Keduanya sedianya akan memberikan kesaksian pada persidangan Rabu, 31 Agustus 2016. Karena berhalangan, Hakim Ketua Kisworo memutuskan sidang ditunda hingga Kamis pukul 09.00 WIB.
Ronny menjadi saksi pertama yang dihadirkan jaksa. Ia menyampaikan bahwa antara Jessica dan Mirna tidak saling suka. Pendapat itu disampaikannya berdasarkan rekaman CCTV di Kafe Olivier saat Jessica, Mirna dan Hani Juwita Boon bertemu pada 6 Januari 2016.
Advertisement
Saat bertemu Jessica, Mirna hanya memeluk dengan satu tangan. Berbeda dengan Hanie yang justru berlari kecil dan memeluk Jessica dengan erat.
"Ketika seseorang enggak nyaman, normalnya dia akan menjauhkan diri dan menjaga jarak," ujar Ronny.

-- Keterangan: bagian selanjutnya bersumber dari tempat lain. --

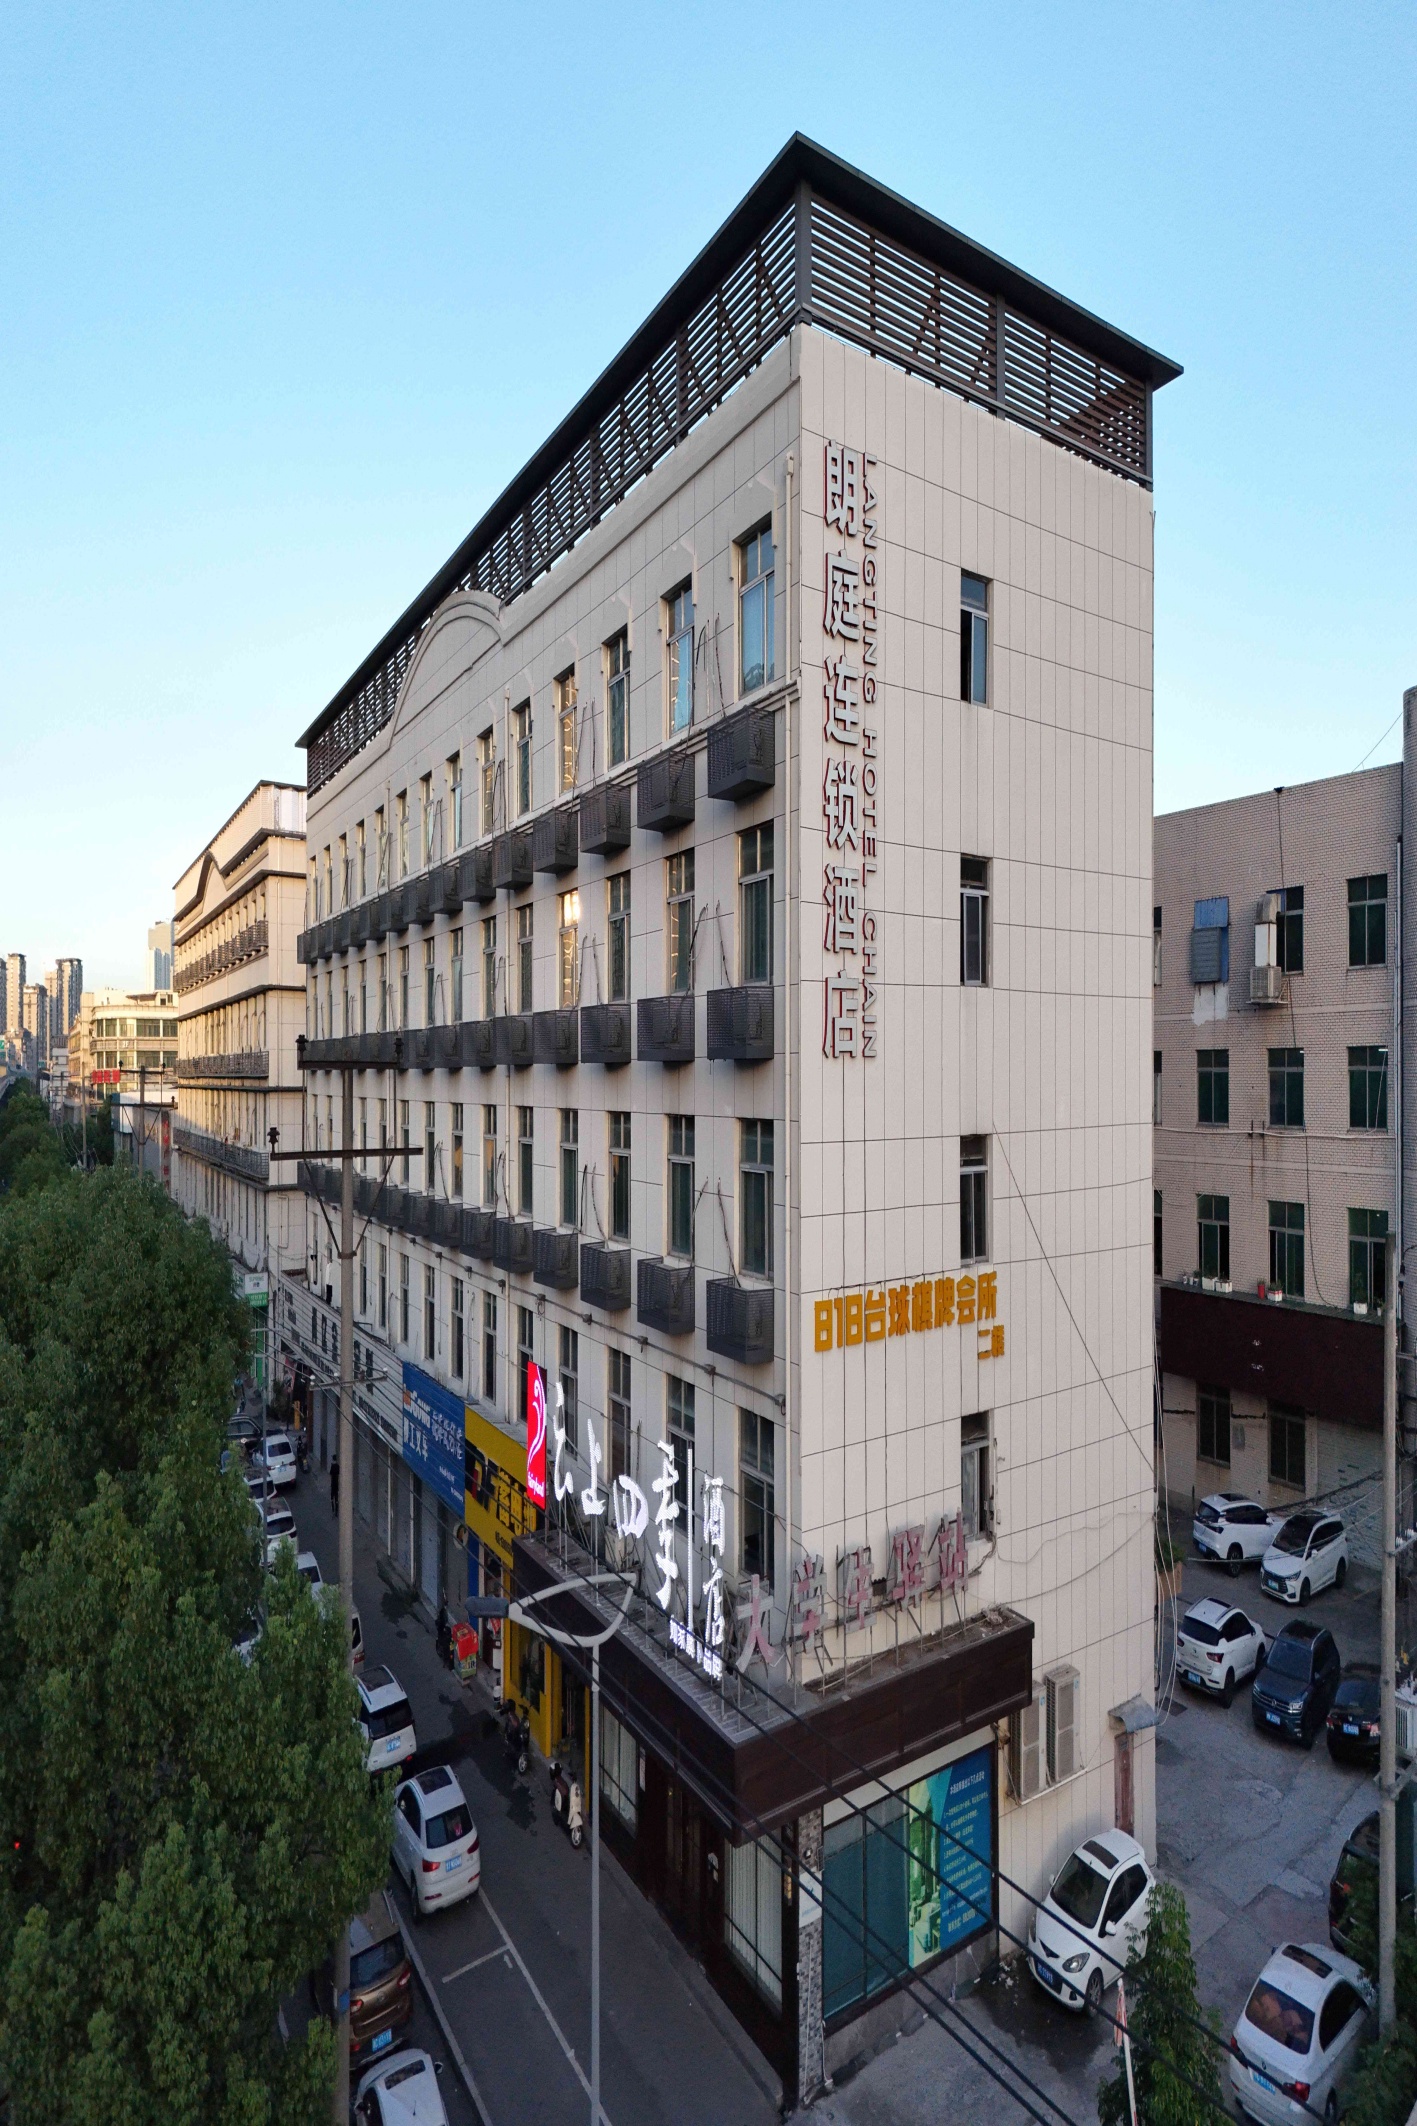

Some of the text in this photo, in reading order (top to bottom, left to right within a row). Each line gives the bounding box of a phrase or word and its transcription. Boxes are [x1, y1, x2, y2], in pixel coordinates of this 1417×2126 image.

[824, 439, 860, 1058] 朗庭连锁酒店
[862, 452, 878, 1058] LANGTING HOTEL CHAIN
[814, 1271, 997, 1352] 818台球棋牌会所
[978, 1324, 1005, 1360] 二楼
[527, 1471, 545, 1498] fairyland

Mendengar pernyataan ini, penasihat hukum Jessica Wongso, Otto Hasibuan, langsung menyatakan keberatannya. Otto mempertanyakan parameter apa yang digunakan Ronny untuk bisa sampai pada kesimpulan tersebut.

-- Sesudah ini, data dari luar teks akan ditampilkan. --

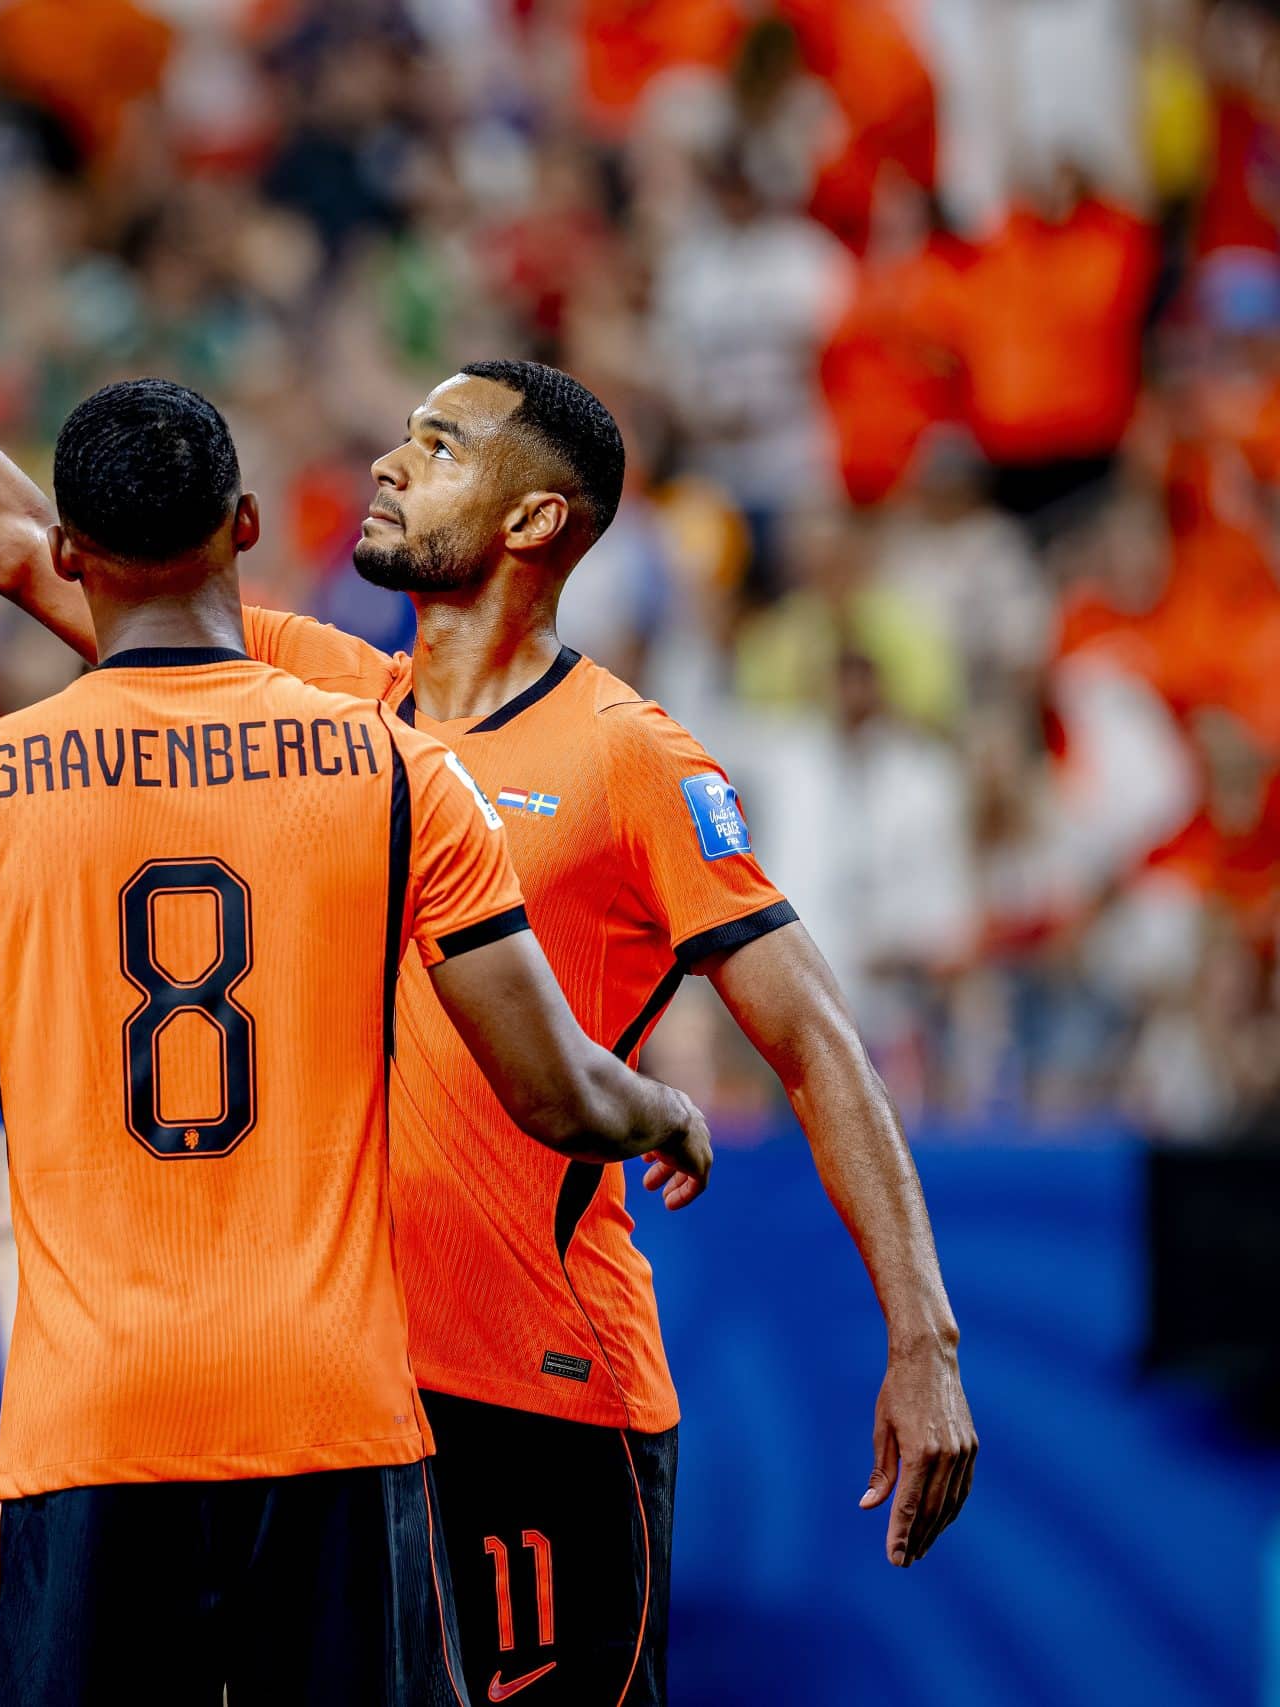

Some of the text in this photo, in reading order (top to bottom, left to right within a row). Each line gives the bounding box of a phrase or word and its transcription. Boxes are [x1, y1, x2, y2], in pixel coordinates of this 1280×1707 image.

[715, 821, 741, 838] PEACE
[118, 856, 257, 1160] 8
[483, 1529, 555, 1652] 11

"Dilihat dari apa Anda bisa menyimpulkan bahwa Mirna tidak suka kepada Jessica?" tanya Otto kepada Ronny.
"Dari rangkaian peristiwa yang dikaji dari gestur dan fisiognomi (raut wajah)," jawab Ronny.
Otto pun langsung mengklarifikasi. Pasalnya, ahli psikiater klinis Rumah Sakit Cipto Mangunkusumo (RSCM) Natalia Widiasih Rahardjanti yang hadir dalam persidangan sebelumnya menyatakan tidak menemukan adanya permasalahan hubungan antara Jessica dan Mirna.
"Tapi dokter psikiatri RSCM, dokter Natalia sebelumnya menyatakan dalam persidangan tidak ada permasalahan hubungan antara Mirna dan Jessica, itu bagaimana kok tidak sama dengan pernyataan Anda?" begitu Otto menanyakan.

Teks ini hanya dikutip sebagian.